3) Tempering: Make the training distribution sharper, thereby preventing the regularization effect of overfitting.
4) Value conditioning and prediction: Provide an additional training signal by distinguishing correct and incorrect question submissions in the CodeContests dataset.
5) Exemplary Out-of-Strategy Learning Generation (GOLD): Let the model produce the correct solution for each problem by focusing training on the most likely solution to each problem .
Well, everyone knows the result.
With an Elo score of 1238, AlphaCode has ranked in the top 54.3% in these 10 games. Looking at the previous 6 months, this result reached the top 28%.
You must know that in order to achieve this ranking, AlphaCode must "pass five levels and defeat six generals", solving problems that integrate critical thinking, logic, and algorithms , various new problems combining coding and natural language understanding.
Judging from the results, AlphaCode not only solved 29.6% of the programming problems in the CodeContests data set, but 66% of them were solved in the first submission. (The total number of submissions is limited to 10 times)
In comparison, the solution rate of the traditional Transformer model is relatively low, only single digits.
Even Codeforces founder Mirzayanov was very surprised by this result.
After all, programming competitions test the ability to invent algorithms, which has always been the weakness of AI and the strength of humans.
I can definitely say that the results from AlphaCode exceeded my expectations. I was skeptical at first because even in simple competition problems one not only needs to implement the algorithm but also invent it (which is the hardest part). AlphaCode has made itself a formidable opponent for many humans. I can't wait to see what the future holds!
——Mike Mirzayanov, founder of Codeforces
So, can AlphaCode steal programmers’ jobs?
Of course not.
AlphaCode can only complete simple programming tasks. If the tasks become more complex and the problems become more "unforeseeable", AlphaCode, which only translates instructions into codes, will be helpless.
After all, from a certain perspective, a score of 1238 is equivalent to the level of a middle school student who is just learning to program. At this level, it is not a threat to real programming experts.
But there is no doubt that the development of this type of coding platform will have a huge impact on programmer productivity.
Even the entire programming culture may be changed: perhaps, in the future, humans will only be responsible for formulating problems, and the tasks of generating and executing code can be handed over to machine learning.
What’s so difficult about programming competitions?
We know that although machine learning has made great progress in generating and understanding text, most AI is still limited to simple mathematics and programming problems.
What they will do is to retrieve and copy existing solutions (I believe anyone who has played ChatGPT recently will understand this).
So, why is it so difficult for AI to learn to generate the correct program?
1. To generate code that solves a specified task, you need to search in all possible character sequences.
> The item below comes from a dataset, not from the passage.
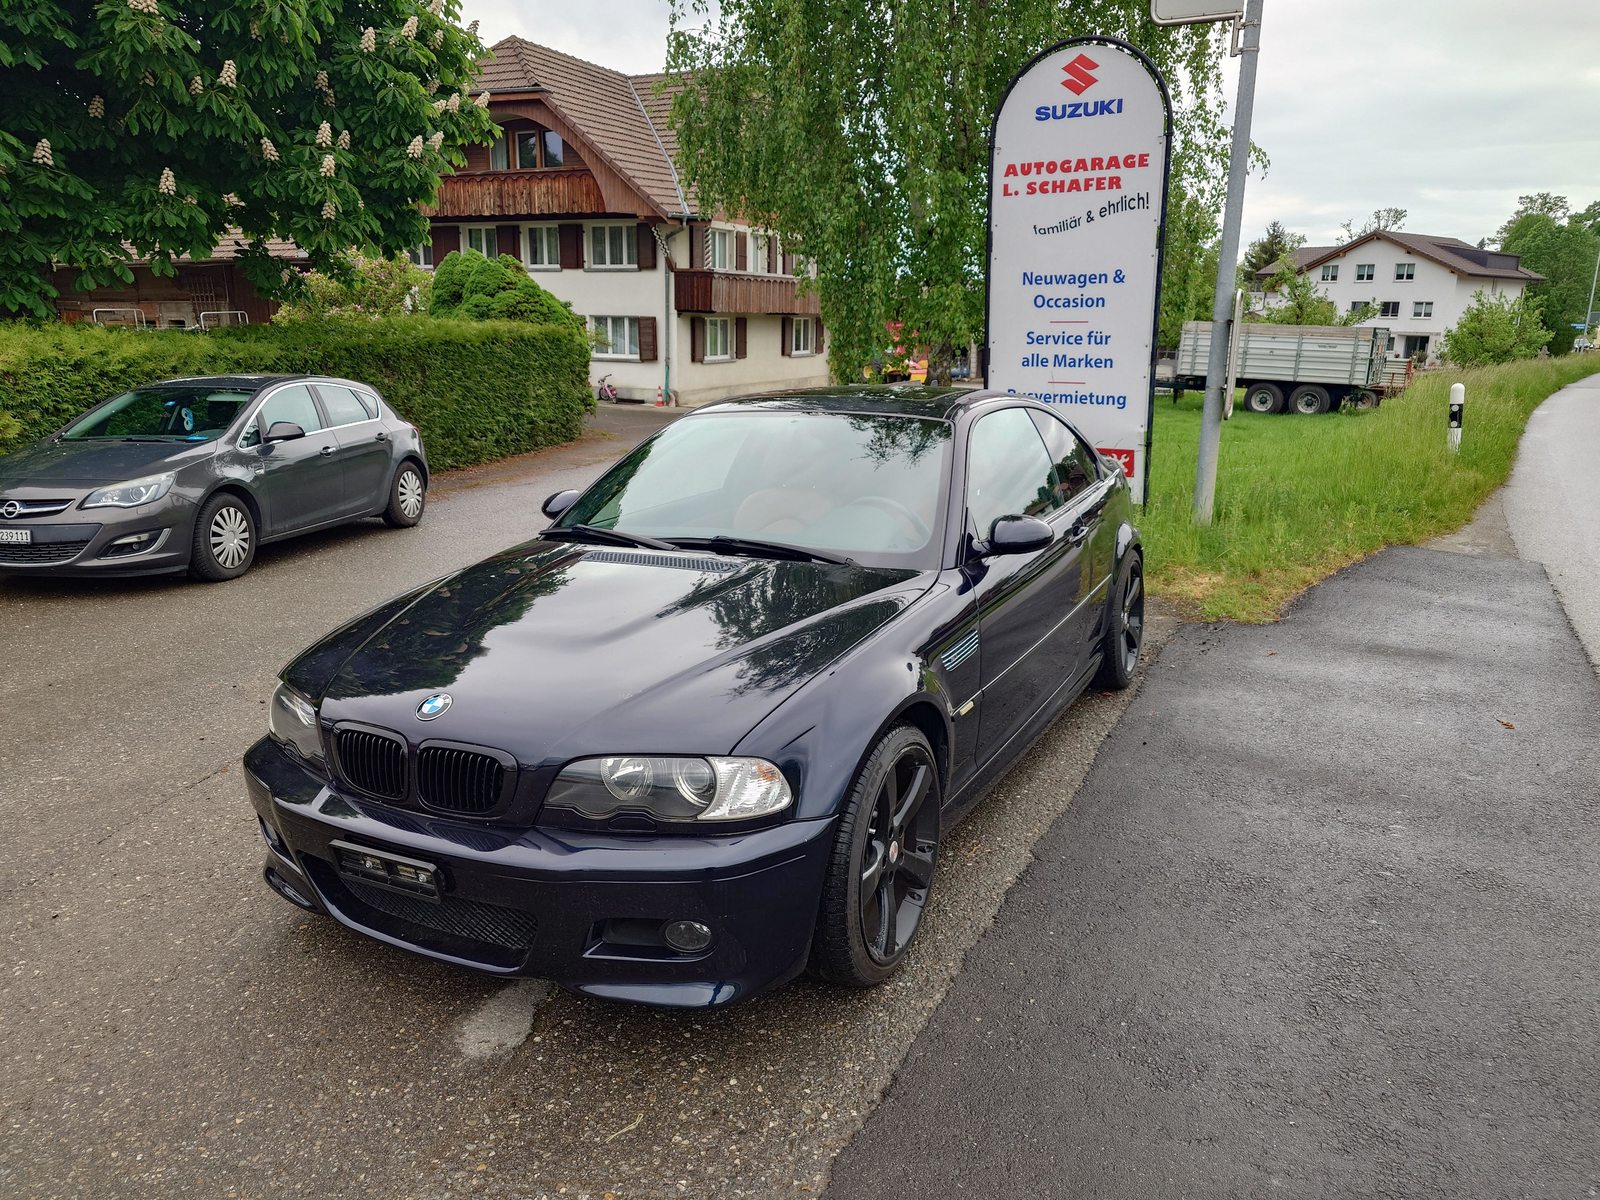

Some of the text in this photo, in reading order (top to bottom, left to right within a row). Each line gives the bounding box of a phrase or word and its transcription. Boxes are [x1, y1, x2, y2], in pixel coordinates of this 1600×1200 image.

This is a massive space, and only a small part of it corresponds to the valid correct program.
2. A single character edit may completely change the behavior of the program or even cause it to crash, and each task has many distinct and valid solutions.
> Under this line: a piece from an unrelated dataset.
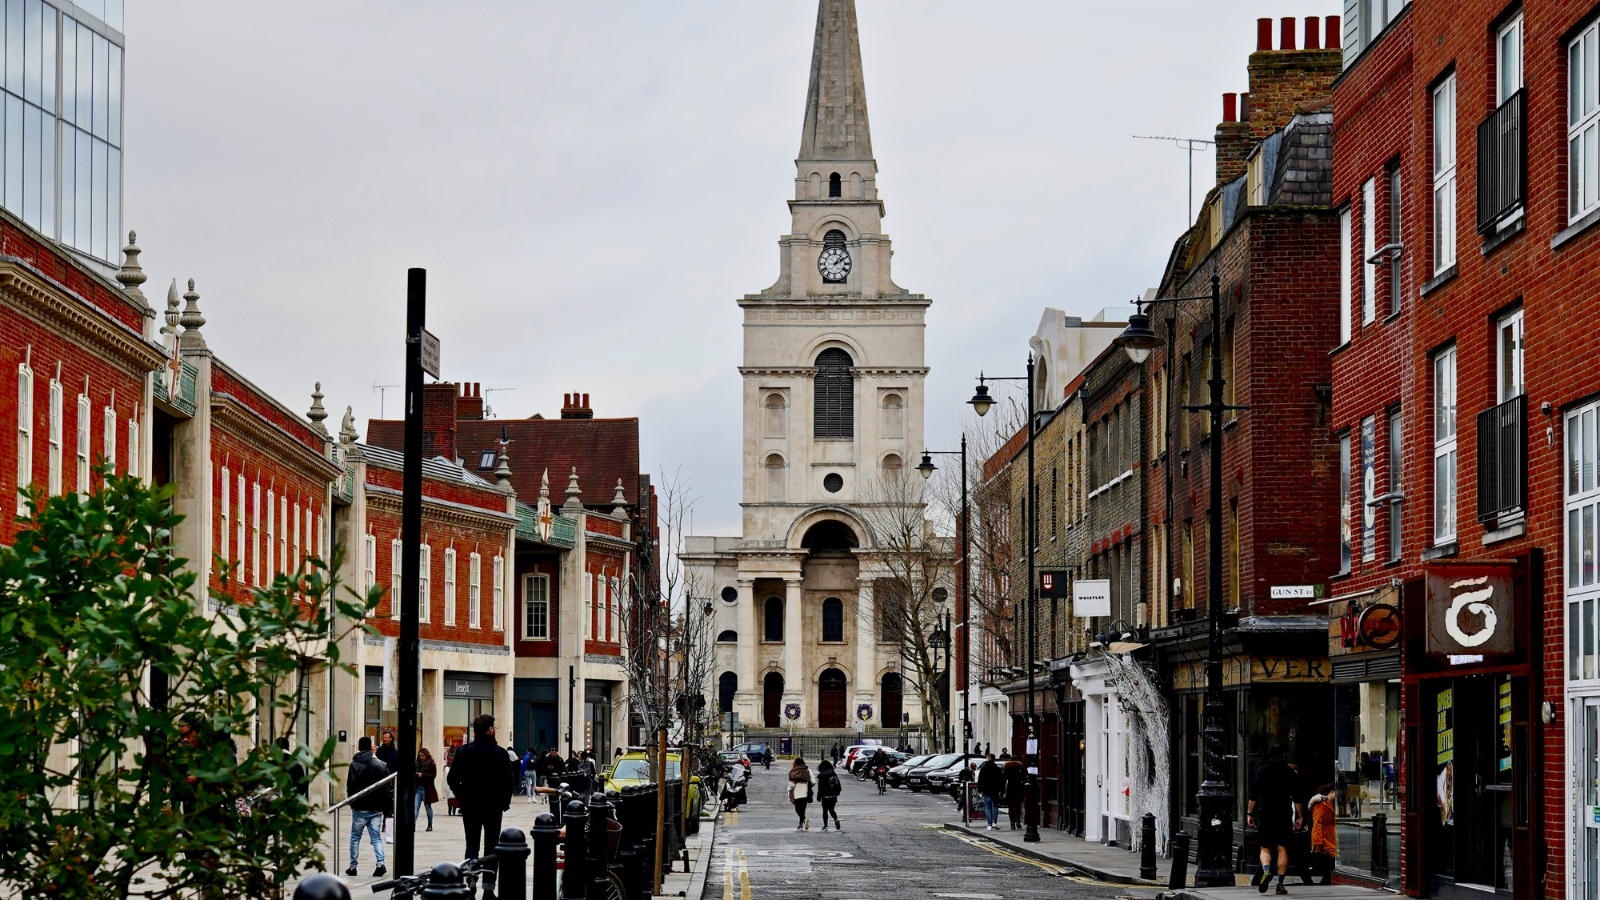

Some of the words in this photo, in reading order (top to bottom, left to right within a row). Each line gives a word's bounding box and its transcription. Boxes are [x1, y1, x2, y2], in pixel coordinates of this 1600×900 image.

[1272, 588, 1292, 596] GUN
[455, 681, 470, 695] benefit
[1437, 710, 1447, 732] ARE
For extremely difficult programming competitions, AI needs to understand complex natural language descriptions; it needs to reason about problems it has never seen before, rather than simply memorizing code snippets; Requires mastery of various algorithms and data structures, and precise completion of code that may be hundreds of lines long.
In addition, to evaluate the code it generates, the AI also needs to perform tasks on an exhaustive set of hidden tests and check for execution speed and edge-case correctness.
(A) Problem 1553D, with a medium difficulty score of 1500; (B) Problem solution generated by AlphaCode
Take this 1553D problem as an example. Participants need to find a way to convert a string of randomly repeated s and t letters into another string of the same letters using a limited set of inputs. .
Contestants cannot just enter new letters, but must use the "backspace" command to delete several letters from the original string. The specific questions are as follows:
In this regard, the solution given by AlphaCode is as follows:
Moreover, AlphaCode’s “problem-solving ideas” are no longer It is a black box that also shows the location of the code and attention highlights.
AlphaCode’s Learning System
When participating in programming competitions, the main challenges AlphaCode faces are:
(i) requires searching in a huge program space, (ii) only about 13,000 example tasks are available for training, and (iii) there is a limited number of submissions per problem.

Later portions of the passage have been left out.